Nicht nur Experten, auch Angehörige sollten hellhörig werden, wenn ein Mann diese Symptome zeigt:

  • vermehrter sozialer Rückzug, der oft verneint wird

  • berufliches Überengagement, das mit Klagen über Stress maskiert wird

  • Abstreiten von Kummer und Traurigkeit

  • zunehmend rigide Forderungen nach Autonomie (in Ruhe gelassen zu werden)

  • zunehmende Intensität oder Häufigkeit von Wutanfällen, Impulsivität

  • Hilfe von anderen nicht annehmen: das „Ich kann das schon allein“-Syndrom

  • ab- oder zunehmendes sexuelles Interesse

  • vermehrter bis exzessiver Alkohol- und/oder Nikotinkonsum

  • anderes Suchtverhalten: TV, Sport, Glücksspiel, Internet etc.

  • ausgeprägte Selbstkritik, bezogen auf vermeintliches Versagen, Versagensangst

  • andere für eigene Probleme verantwortlich machen

  • verdeckte oder offene Feindseligkeit

  • Unruhe und Agitiertheit

Depression und Normen traditioneller Männlichkeit

Zudem haben beruflich hoch ambitionierte und zugleich traditionelle Männer, die nicht mit Stress umgehen können, ein höheres Risiko, psychisch zu erkranken.

Männer, die sich an Normen traditioneller Männlichkeit orientieren, sind stärker gefährdet als andere, depressiv zu werden – und lehnen es häufiger ab, sich dann Hilfe zu suchen. Dies legen Forschungen schon länger nahe. Deutsche Forscher befragten nun 250 Männer einer nichtrepräsentativen Stichprobe, die zum Untersuchungszeitpunkt wegen einer Depression ambulant oder stationär behandelt wurden und stellten fest: Am stärksten gefährdet waren die besonders beruflich ambitionierten Probanden, die zugleich an herkömmlichen männlichen Normen festhielten. Bei diesen Männern fanden die Forscher zudem eine gering ausgeprägte Fähigkeit, beruflichen Stress und Belastungen zu meistern.

Die Psychologen raten deshalb davon ab, die Priorität der Arbeit in der Therapie allzu sehr in Frage zu stellen. Die Arbeit könne für Männer beides sein, eine Quelle persönlichen Erfolgs und sozialer Anerkennung, aber auch von emotionaler Belastung und dem Risiko zu scheitern. Deshalb gehe es eher darum, ihnen zu etwas mehr Ausgewogenheit zwischen Berufs- und Privatleben zu verhelfen. Es könne jedoch das Wohlbefinden verbessern, die traditionellen Männlichkeitsvorstellungen zu lockern und zudem die Widerstandskraft der Männer zu stärken.

Die Forscher legten den Versuchsteilnehmern verschiedene Fragebögen vor und erfassten dabei, wie stark sie sich an männlichen Rollennormen orientierten, etwa wie wichtig ihnen Status oder Tüchtigkeit waren und ob sie eher „antiweiblich“ eingestellt waren. Zudem ging es in einem der Fragebögen darum, wie die Männer Depressionen beurteilten, ob sie darin etwa eine typische „Frauenkrankheit“ sahen und es für unmännlich hielten, selbst an einer Depression erkrankt zu sein (Selbst-Stigmatisierung). Außerdem erhoben die Wissenschaftler, wie lange die Depression vor der Therapie unbehandelt geblieben war – im Durchschnitt waren das 3,7 Jahre, in Einzelfällen erheblich mehr.

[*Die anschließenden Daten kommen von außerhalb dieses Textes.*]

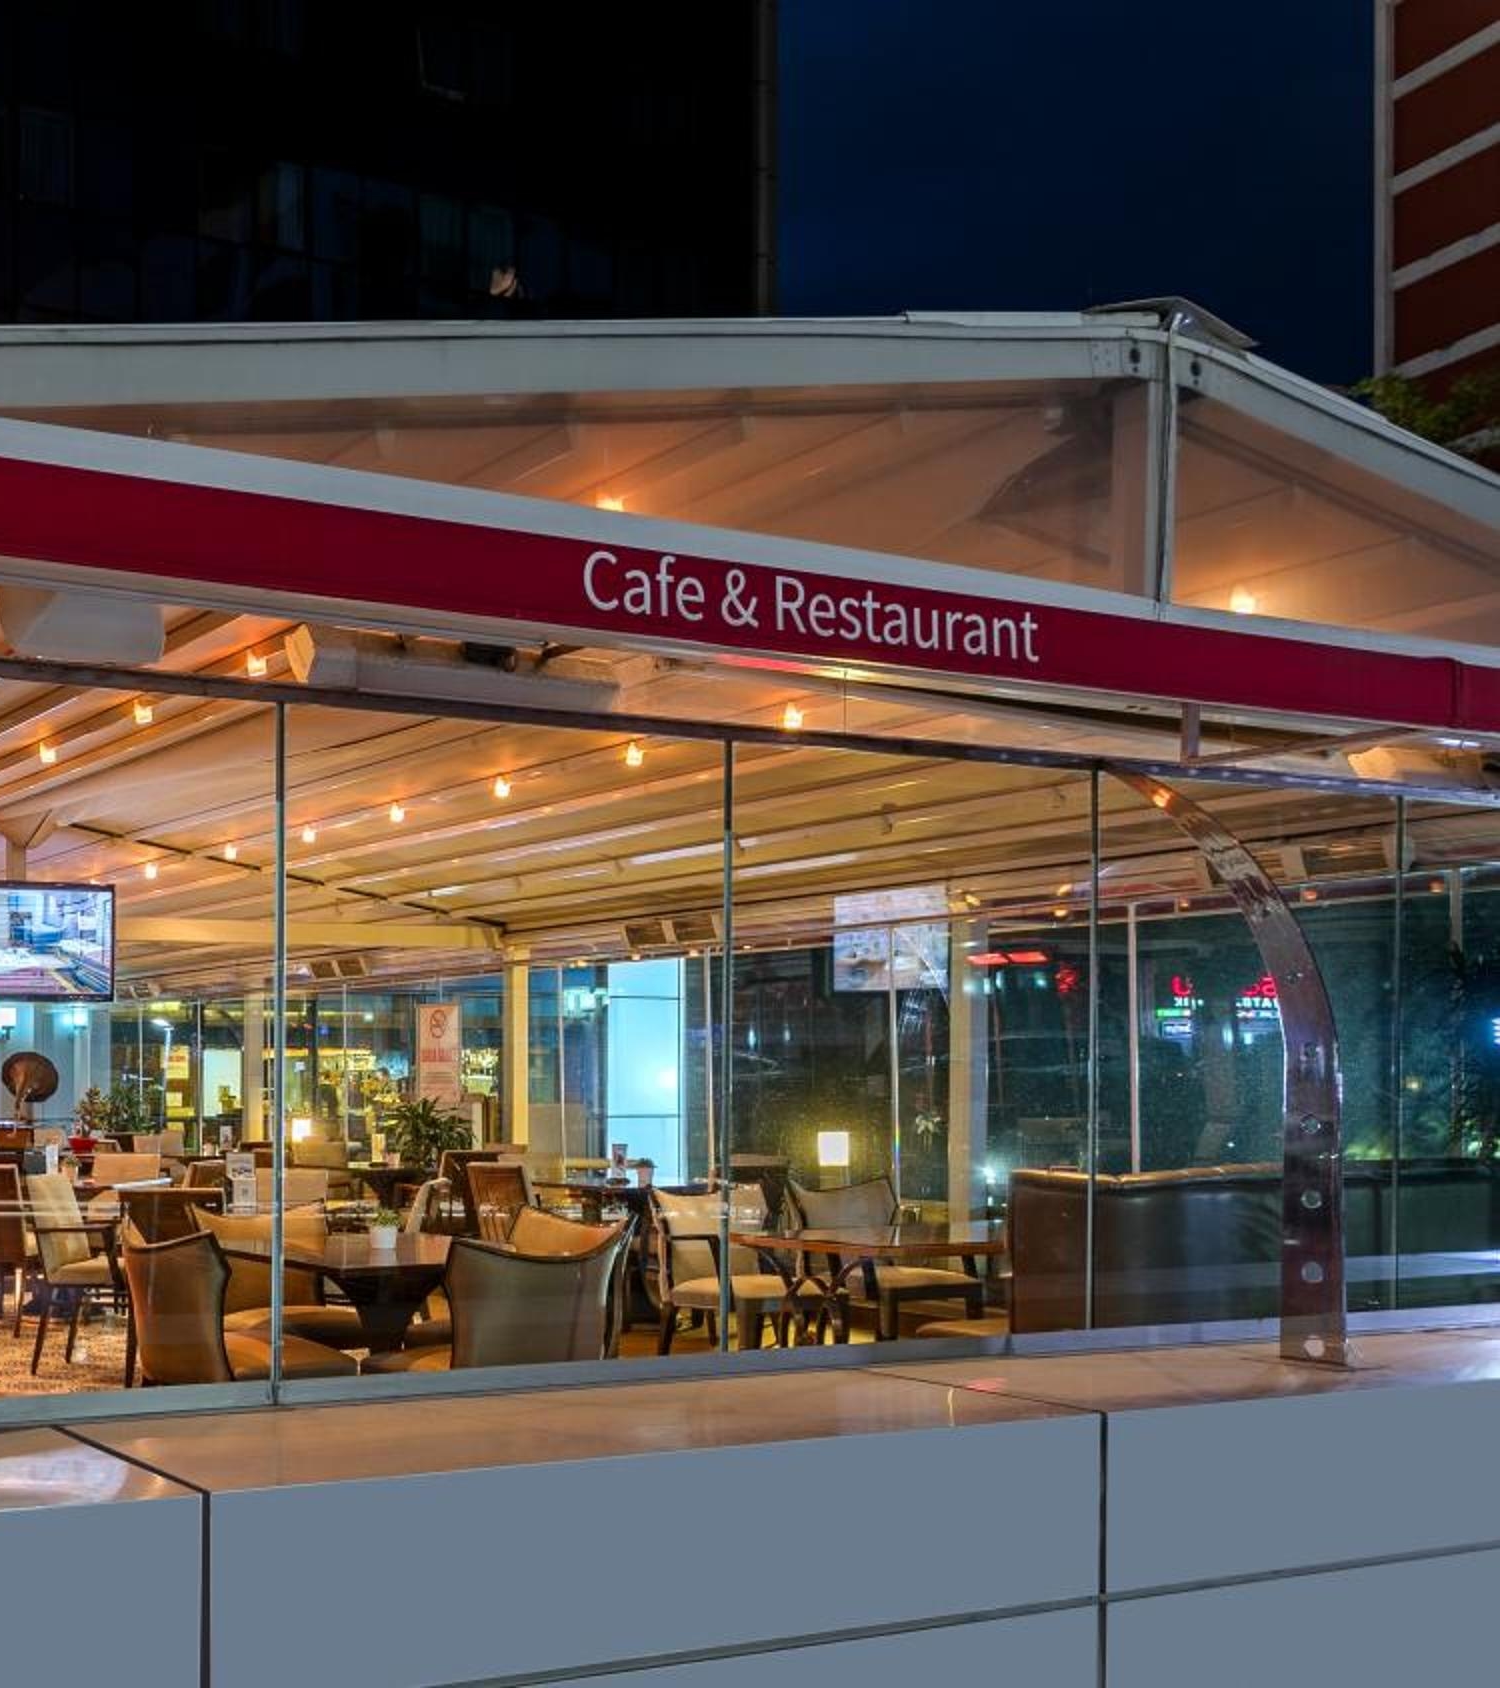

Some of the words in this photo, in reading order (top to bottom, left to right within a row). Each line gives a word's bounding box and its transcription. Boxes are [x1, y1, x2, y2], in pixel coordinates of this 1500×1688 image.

[583, 551, 705, 621] Cafe
[720, 569, 760, 628] &
[775, 575, 1040, 662] Restaurant

Die Auswertung zeigte außerdem, dass Männer mit Depressionen keine homogene Gruppe seien, berichten die Forscher. Vielmehr kristallisierten sich drei Gruppen heraus. Bei einer Gruppe zog eine geringere Orientierung an herkömmlichen männlichen Rollenvorgaben ein geringeres Risiko für psychische Probleme nach sich, aber nur dann, wenn dies mit einem mittleren Maß an beruflichen Ambitionen einherging. Die zweite Gruppe: Genauso depressionsgefährdet waren Befragte, bei denen die traditionelle Rollenorientierung nicht ausgeprägt war, ebenso wenig ihre beruflichen Ambitionen. Am günstigsten für ein geringes Depressionsrisiko bei Männern ist offenbar die folgende Konstellation: ein mittleres Maß an beruflichen Ambitionen, eine ausgeprägte Fähigkeit, beruflichen Stress zu meistern und eine geringe Orientierung an herkömmlichen Männlichkeitsvorstellungen – wie bei der dritten Gruppe.

Quellen
  • Psychologie heute 09/16
  • Psychologie heute 05/20
  • Reinhold Kilian u. a.: Masculinity norms and occupational role orientations in men treated for depression. PLOS ONE, 2020. DOI: 10.1371/jounal.pone.